En una de éstas, no sé cómo ni porqué (sabéis que lo canto a los cuatro vientos siempre así que intuiréis que debí decírselo yo) se enteró de que era mi cumpleaños, así que empezó a brindar por los treinta y uno y los cinco hijos que tendría, porque es la función de cada mujer,  con el pobre Pablo, que a mi lado, veía como todos íbamos entonándonos todos y él no podía ni oler el aroma de aquel licor.

Cuando la fiesta ya estaba bastante animada, las mujeres, nos llamaron a cenar y mientras, los guías, siguieron bebiendo y bebiendo, lo que nos permitió nivelar el grado de alcoholismo que   sufríamos todos los presentes.

Al terminar la comida, sin saber si volver o no al lugar de los wayúus por no romper las normas de la comunidad,  sin venir a cuento, uno de los hijos de Don Emilio, apareció con un mini pastel sacado de la nada con una vela de iglesia encendida, y detrás de él, cuatro de los diez  guías borrachos le acompañaban entonando el “Que los cumplas feliz”.

No sé si se lo hacen a todos los turistas, el caso es que yo me sentí tan feliz y agradecida, que en vez de comérmelo, decidí romper el hielo de nuevo y llevarles a los hombres wayúu el pastel para que lo disfrutaran ellos, y en medio del subidón, le compré al hombre del pseudo kiosco tres botellas de pirrinchi para bebernos entre todos.
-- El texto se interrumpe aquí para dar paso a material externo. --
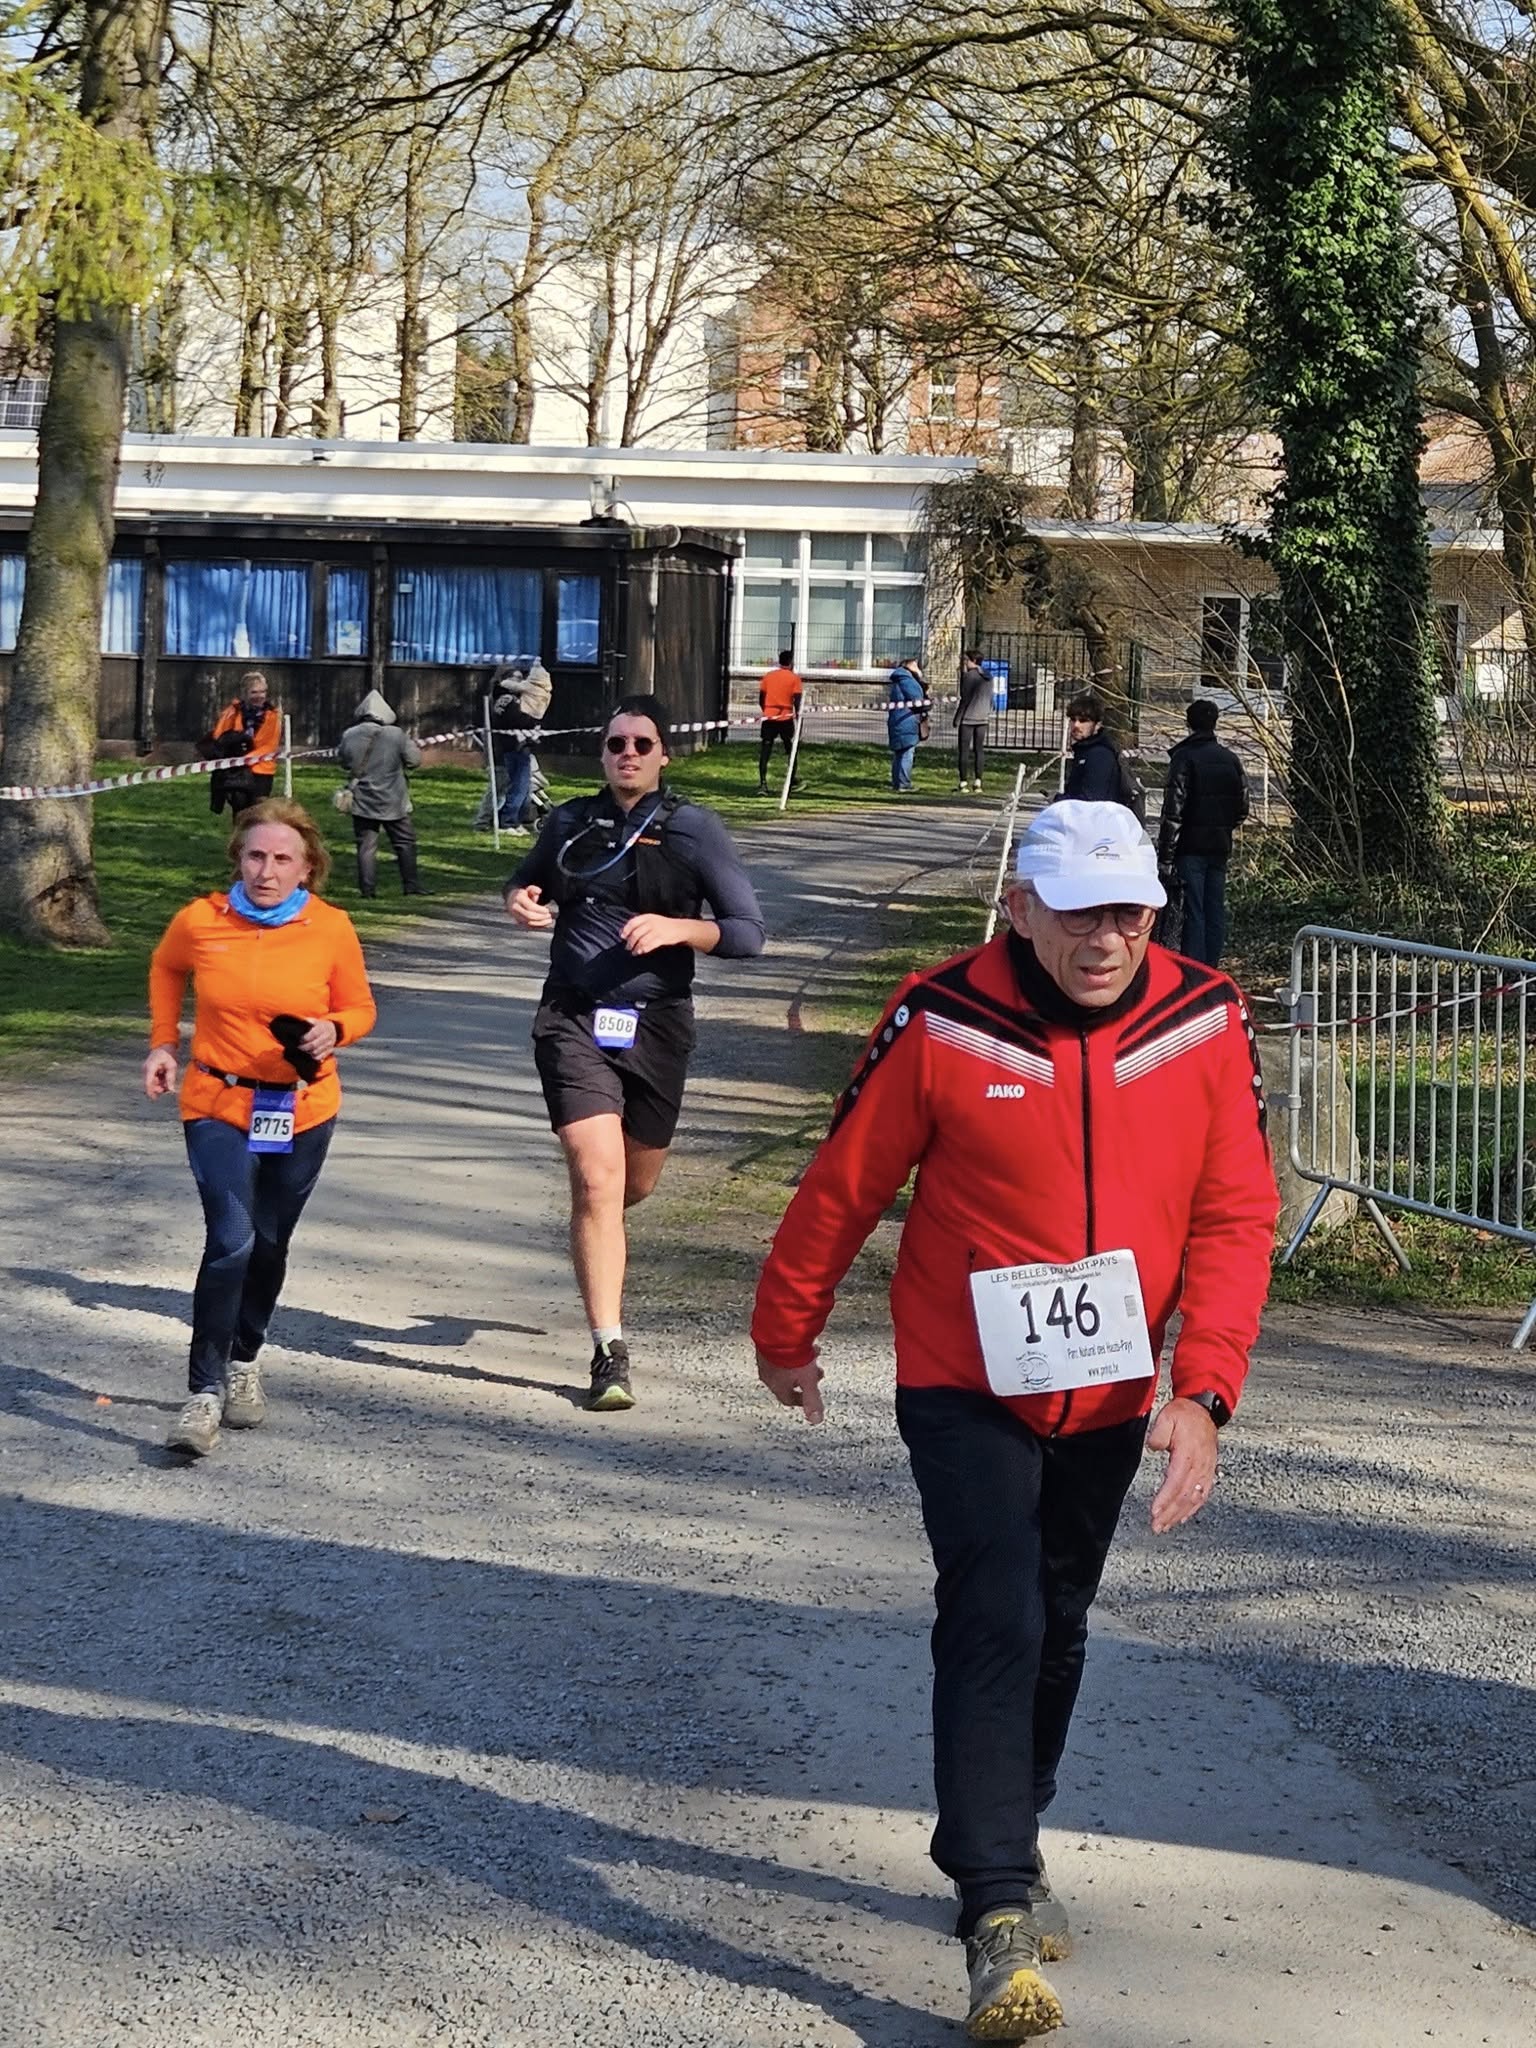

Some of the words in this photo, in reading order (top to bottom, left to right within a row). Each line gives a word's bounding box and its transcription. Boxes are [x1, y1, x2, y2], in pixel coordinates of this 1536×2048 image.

[598, 1015, 634, 1033] 8508
[985, 1083, 1026, 1099] JAKO
[253, 1116, 291, 1135] 8775
[990, 1272, 1009, 1283] LES
[1011, 1266, 1048, 1281] BELLES
[1050, 1266, 1064, 1275] DU
[1065, 1255, 1119, 1274] HAUT-PAYS
[1020, 1282, 1100, 1344] 146
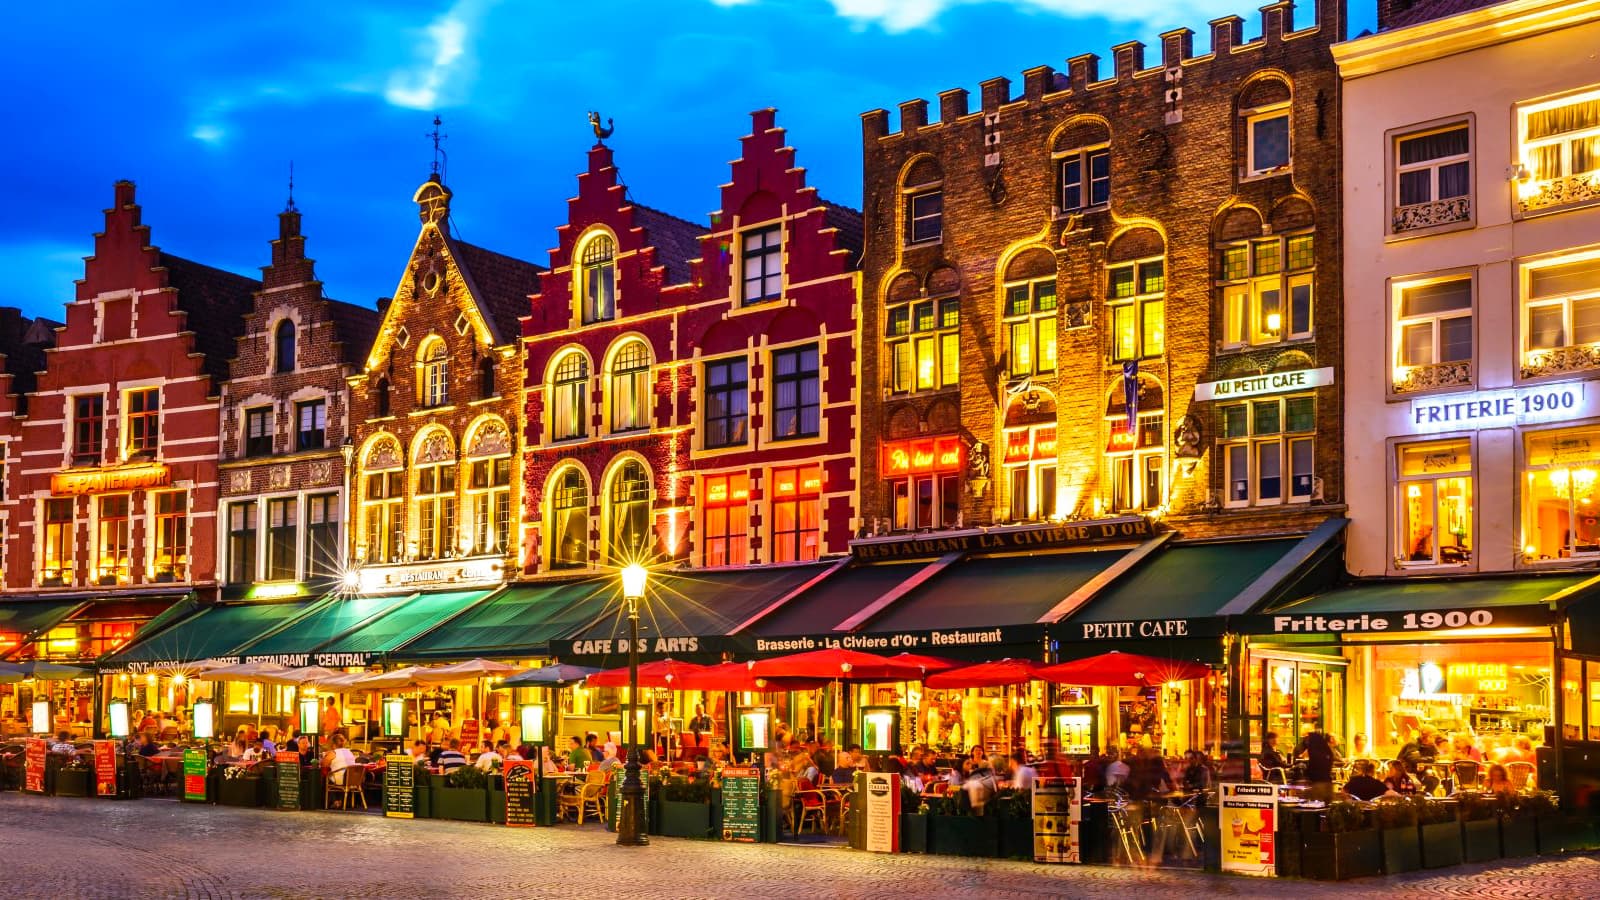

Ahí empezaron a llegar turistas, más hombres de la comunidad y otros habitantes de en medio de la nada y ahí mismo, entorno al señor Emilio, siguieron las risas, las anécdotas y el hermanamiento.

De subidón, me pillé una de las botellas y se las llevé a las señoras, que en la cocina (que no era más que una fogata con una estructura metálica a unos 20 metros de nosotros) asaban peces frescos, mientras otras de cuclillas fregaban en grandes tinas y hablaban wayúu, mientras picaban de los restos de los platos amontonados que habían dejado los gringos.

Otro mundo…. Tímidas, desconfiadas pero también agradecidas por la invitación y sin apenas mirarme a los ojos, bebieron uno o dos chupitos de su local manjar, mientras yo les contaba, para que no se sintieran demasiado “invadidas”, que en mi país, a diferencia de los colombianos, lo del cumpleaños son los que invitan y como ellas habían cocinado para mí, sentía que debía invitarlas a beber.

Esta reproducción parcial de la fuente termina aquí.